EXERCISE OBJECTIVE
Please retype the entries exactly as they stand, leaving out any pictures.

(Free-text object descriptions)
BEGIN

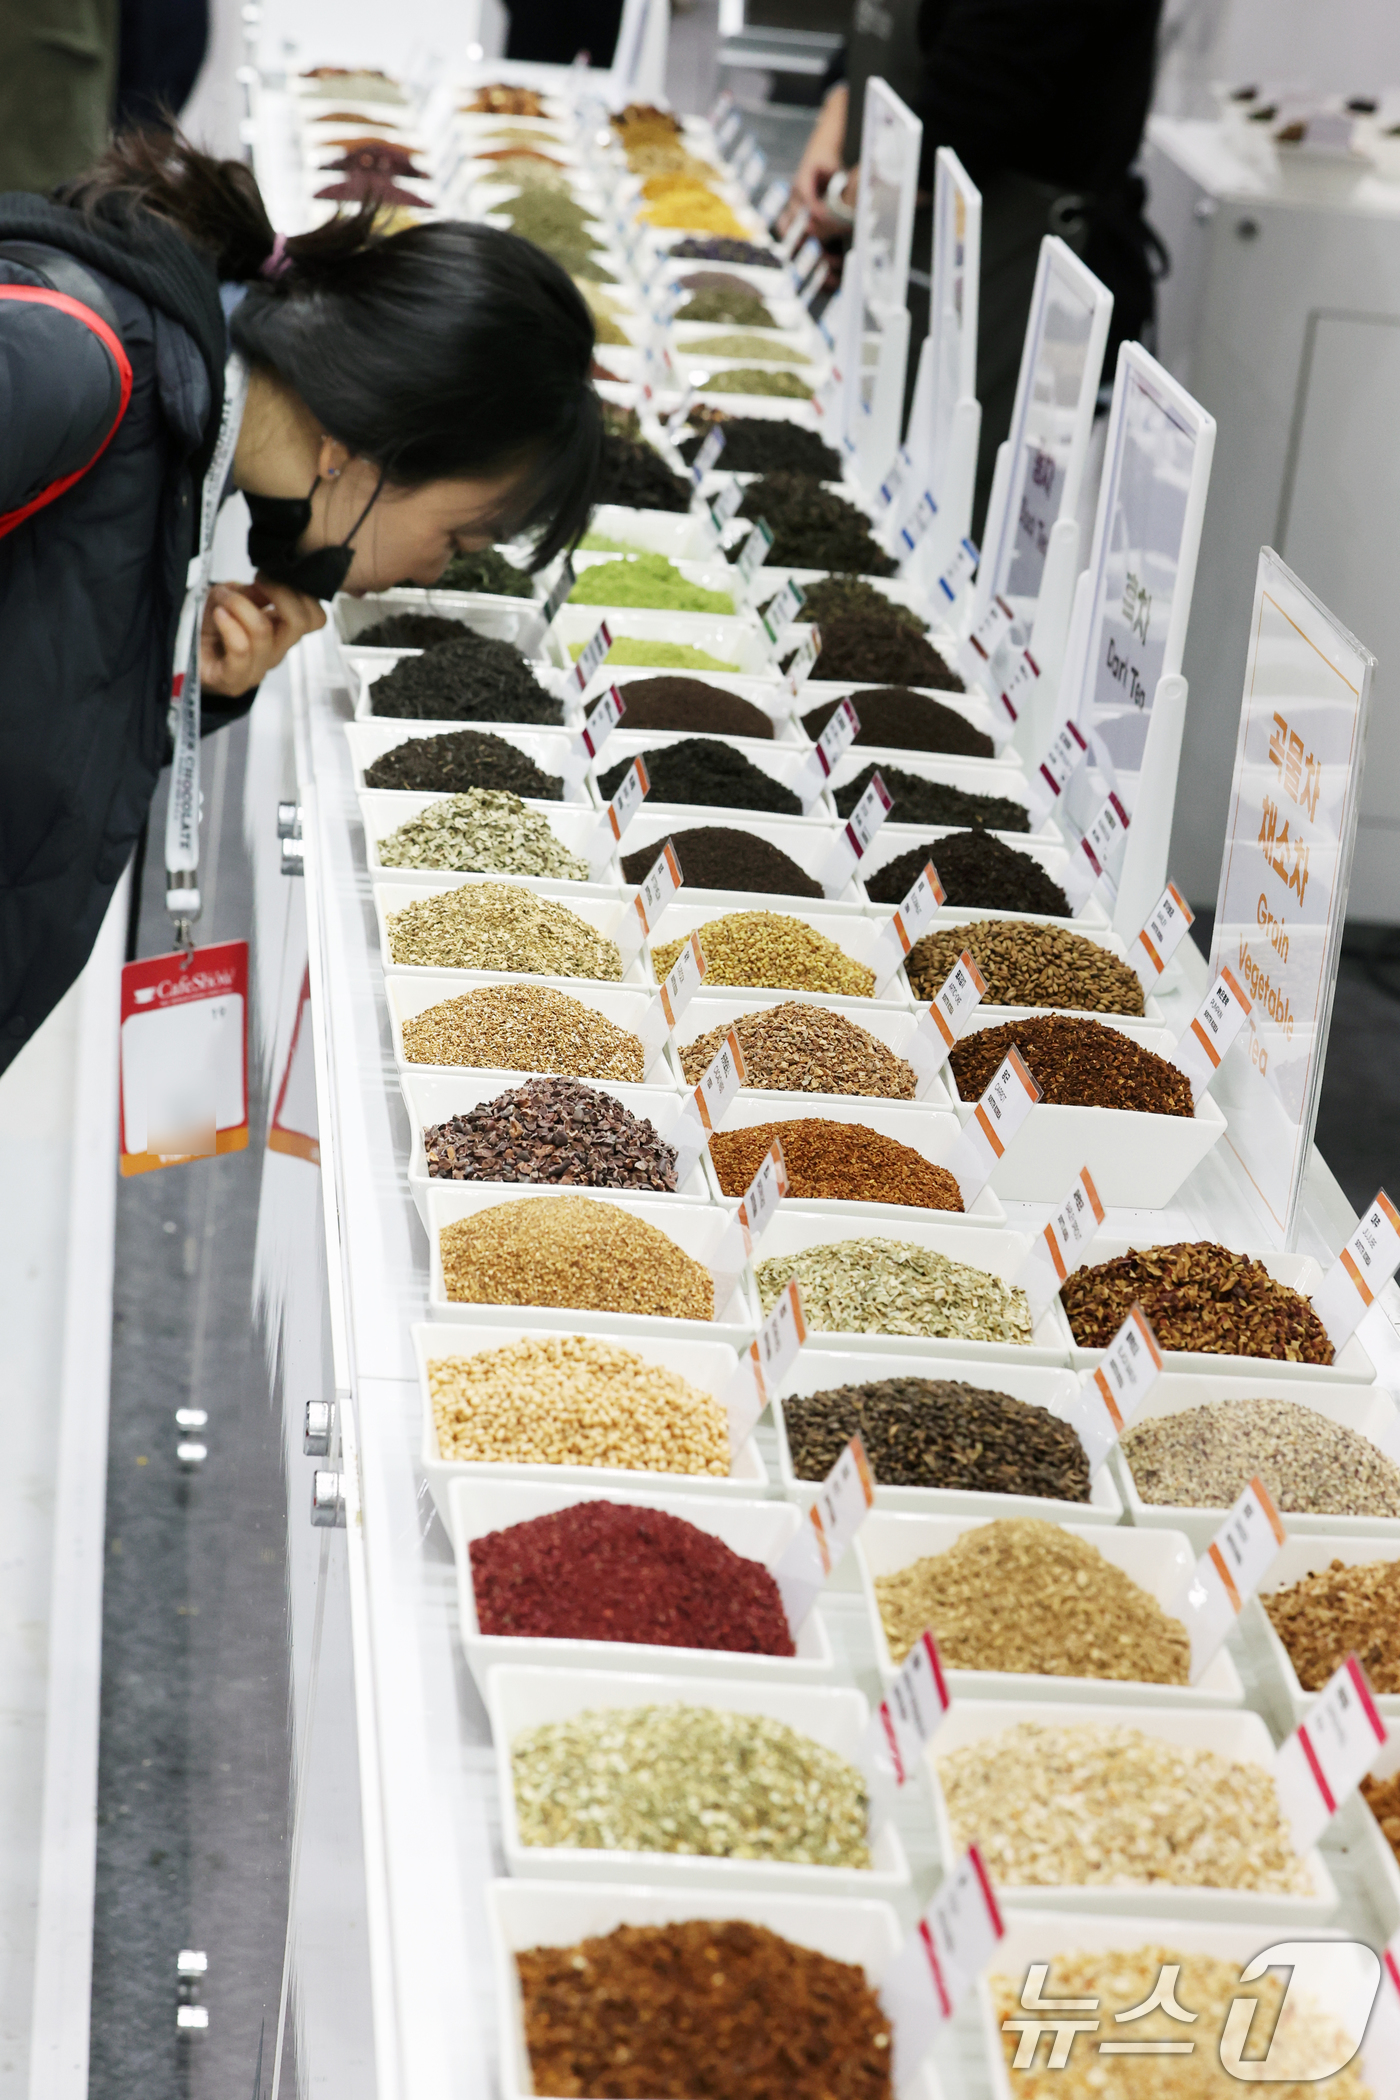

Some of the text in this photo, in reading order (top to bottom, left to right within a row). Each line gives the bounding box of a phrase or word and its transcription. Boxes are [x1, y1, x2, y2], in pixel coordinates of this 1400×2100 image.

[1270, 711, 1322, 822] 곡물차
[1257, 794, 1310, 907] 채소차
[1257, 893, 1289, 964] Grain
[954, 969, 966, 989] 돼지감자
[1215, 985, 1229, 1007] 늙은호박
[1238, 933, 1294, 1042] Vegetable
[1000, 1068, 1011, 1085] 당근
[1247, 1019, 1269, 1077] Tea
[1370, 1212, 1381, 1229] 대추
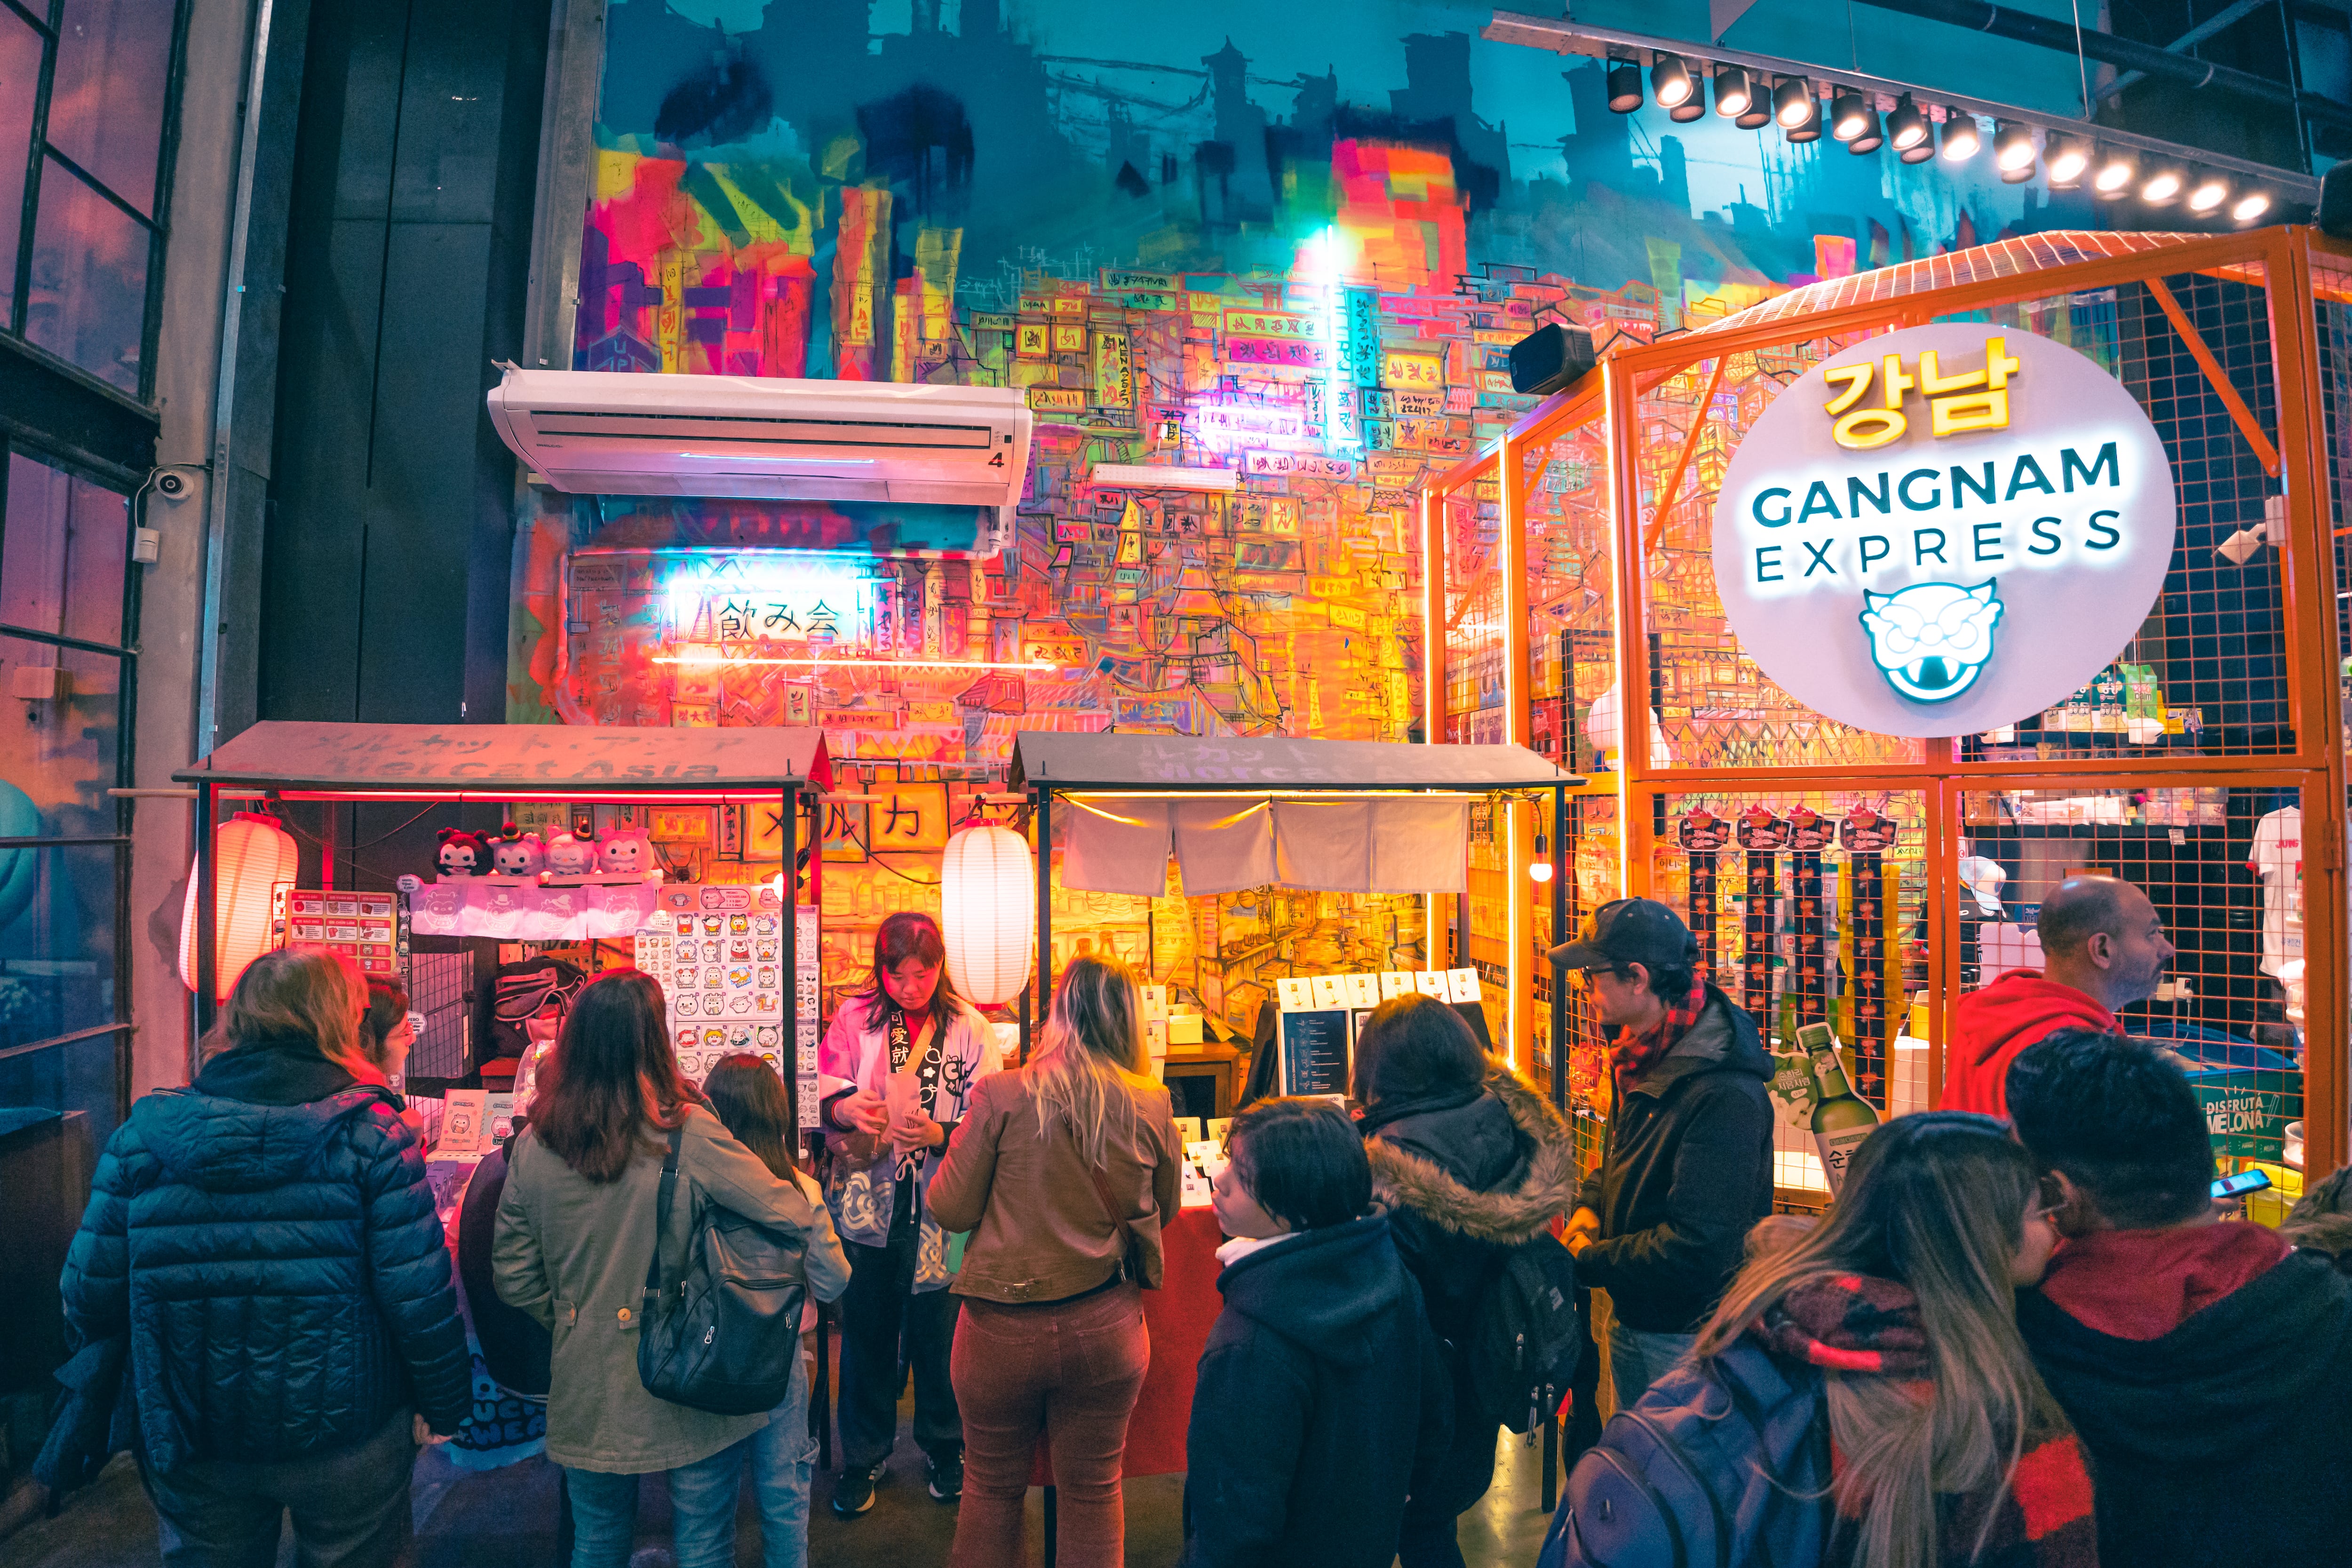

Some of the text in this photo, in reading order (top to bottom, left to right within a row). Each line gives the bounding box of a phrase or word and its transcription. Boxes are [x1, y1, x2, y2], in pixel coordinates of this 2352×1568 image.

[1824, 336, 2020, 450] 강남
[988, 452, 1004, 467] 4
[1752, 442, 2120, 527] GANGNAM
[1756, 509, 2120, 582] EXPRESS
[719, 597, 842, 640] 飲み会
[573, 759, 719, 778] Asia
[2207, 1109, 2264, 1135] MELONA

END

TASK OUTPUT
Some of the text in this photo, in reading order (top to bottom, left to right within a row). Each line gives the bounding box of a phrase or word and its transcription. Boxes are [x1, y1, x2, y2], in pixel coordinates of this 1400×2100 image.

[1270, 711, 1322, 822] 곡물차
[1257, 794, 1310, 907] 채소차
[1257, 893, 1289, 964] Grain
[954, 969, 966, 989] 돼지감자
[1215, 985, 1229, 1007] 늙은호박
[1238, 933, 1294, 1042] Vegetable
[1000, 1068, 1011, 1085] 당근
[1247, 1019, 1269, 1077] Tea
[1370, 1212, 1381, 1229] 대추

Some of the text in this photo, in reading order (top to bottom, left to right within a row). Each line gives the bounding box of a phrase or word and its transcription. Boxes are [x1, y1, x2, y2], in pixel coordinates of this 2352×1568 image.

[1824, 336, 2020, 450] 강남
[988, 452, 1004, 467] 4
[1752, 442, 2120, 527] GANGNAM
[1756, 509, 2120, 582] EXPRESS
[719, 597, 842, 640] 飲み会
[573, 759, 719, 778] Asia
[2207, 1109, 2264, 1135] MELONA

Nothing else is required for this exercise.